The following article was written by Abhijit Ghosh, IDeA – Development Associate and published in The Assam Tribune on 17th September 2019.
On September 8 this year, Guwahatians celebrated the first anniversary of the reading down of Sec 377 by the Supreme Court on September 6, 2018, with an expressive reading of the play Ek Madhav Baug by actress and theater artiste Mona Ambegaonkar at a city hotel. Hosted by the ant, an NGO based in Chirang district, more than 100 people registered for the event, from all walks of life, to witness the magic and grace of Mona Ambegaonkar’s performance as a narrator and mother who tries to come to terms with her son’s sexual orientation.
On September 6, 2018, a special bench of the Supreme Court of five judges heard the curative petitions against the 2013 judgment and with powerful words declared that “history owes an apology to the LGBT community”, it read down the parts of the section, which criminalised same sex acts between consenting adults, and restored the faith of the community. To celebrate the first anniversary of the reading of the judgment, IDeA, an initiative of the ant to promote a stronger alternate and voluntary sector voice in the North-East, organised a play-reading by Mona Ambegaonkar in association with The Humsafar Trust (Mumbai). She has been a familiar face in Indian films and television for decades, and is remembered for portraying the character of Dr Anjalika Deshmukh on the hit Indian TV serial CID. Ek Madhav Baug is a poignant play written by noted playwright, the late Chetan Datar in the 1980s. It tells the story of a 21-year-old youth coming to terms with his sexuality, seen from the point of view of his mother. It is a play within a play, where a mother narrates how she stumbled upon her son’s sexual orientation and came to terms with it, and also breaks character to converse with the writer. The play depicts and addresses the deepest fears, the harsh realities, the discrimination, the trepidation, the thirst for love, the need for security and compassion for both the mother and child. Ambegaonkar, in her performance, effortlessly switches from a mother to a son to a narrator and engages the audience in the conversation and narration, bringing to fore the discussions and debates that are otherwise avoided at the dinner table in most homes.

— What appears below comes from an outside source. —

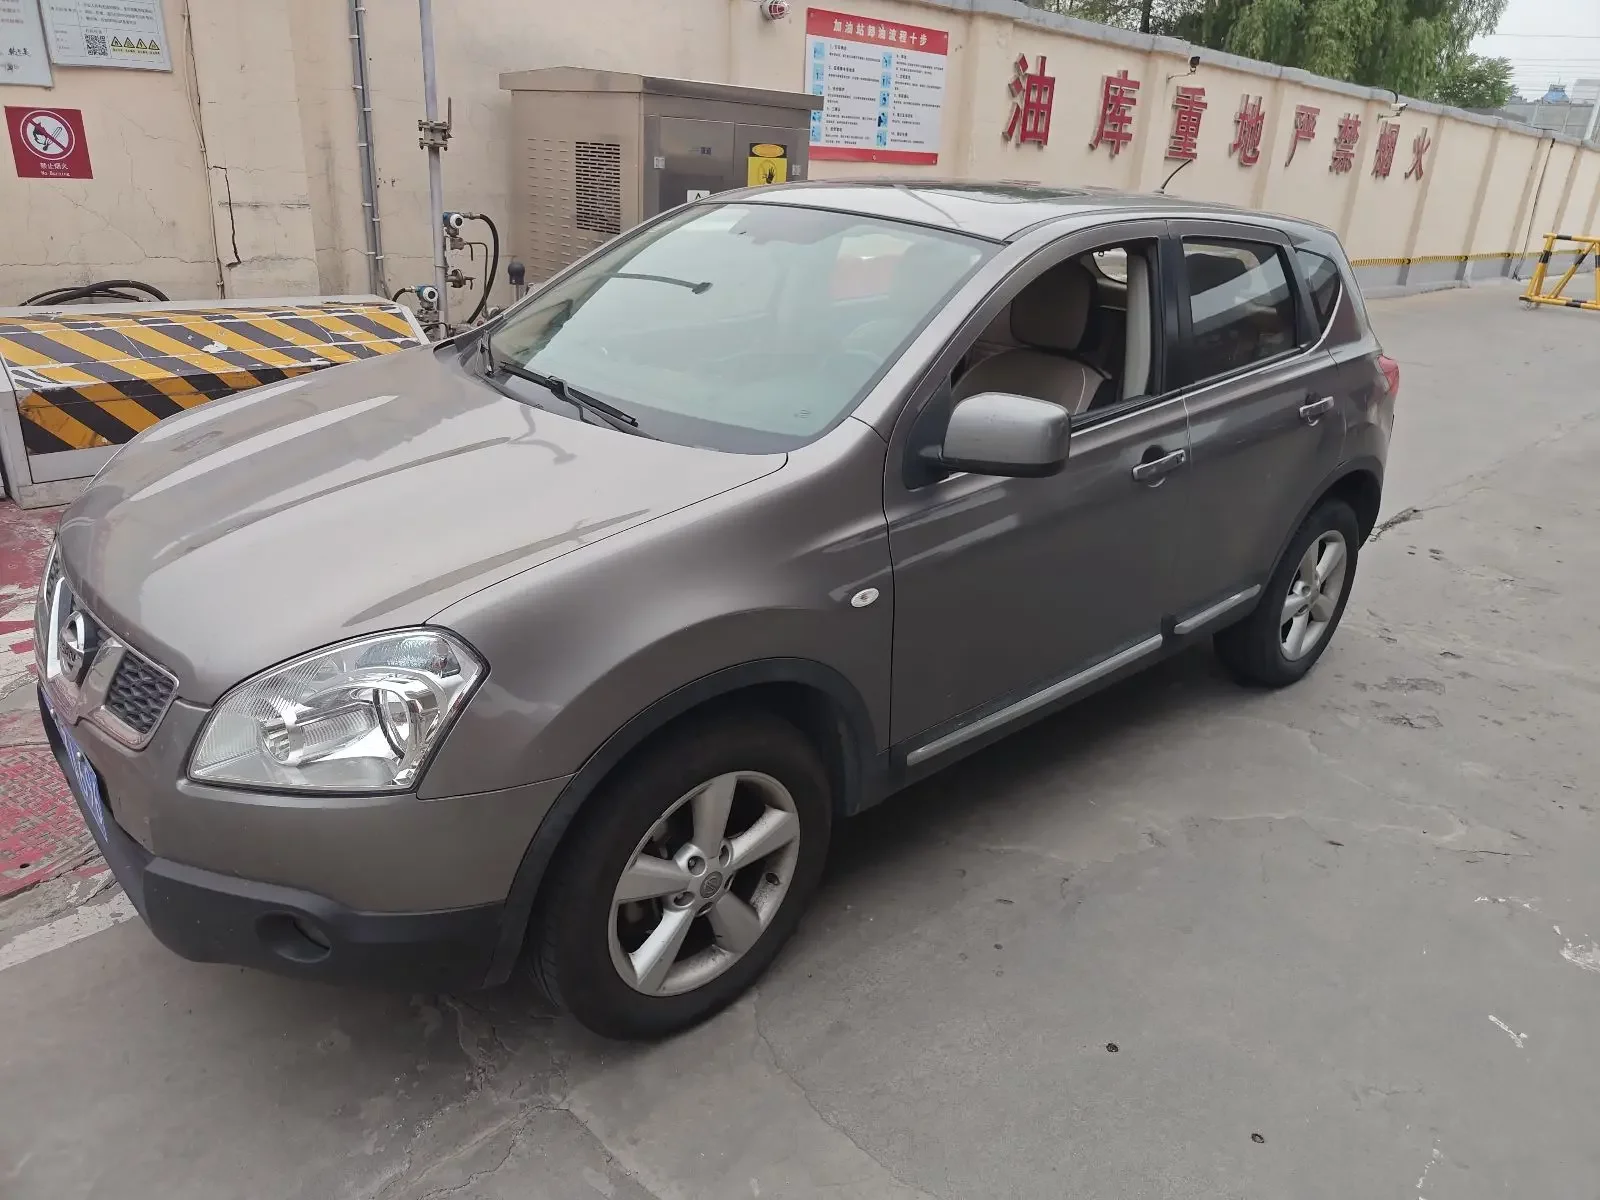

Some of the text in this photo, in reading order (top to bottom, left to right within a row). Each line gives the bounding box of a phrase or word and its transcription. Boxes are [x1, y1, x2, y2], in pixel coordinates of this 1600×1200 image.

[833, 19, 929, 46] 加油站卸油流程十步
[1002, 52, 1431, 181] 油库重地严禁烟火

After the play-reading, a question-answer round followed, in which she emphasised that “though the play does talk about the LGBT community, it is not just limited to that. It is a piece of literature that has remained relevant in 2019 – despite being written in the 1980s. It addresses the marginalisation and discrimination of any community. There is no greater sin than distancing and isolating any community for just existing. It is like cutting a limb off your own body and discarding it.”
Along with The Humsafar Trust, which has been a key organisation working for the awareness and sensitisation on LGBT issues and one of the key players fighting for the reading down of Sec 377, Ambegaonkar has performed the play across the country since 2010, and has completed over 100 performances. She expressed her interest in taking the play to more parts of the North-East, and other parts of the country as well, to reach wider audiences.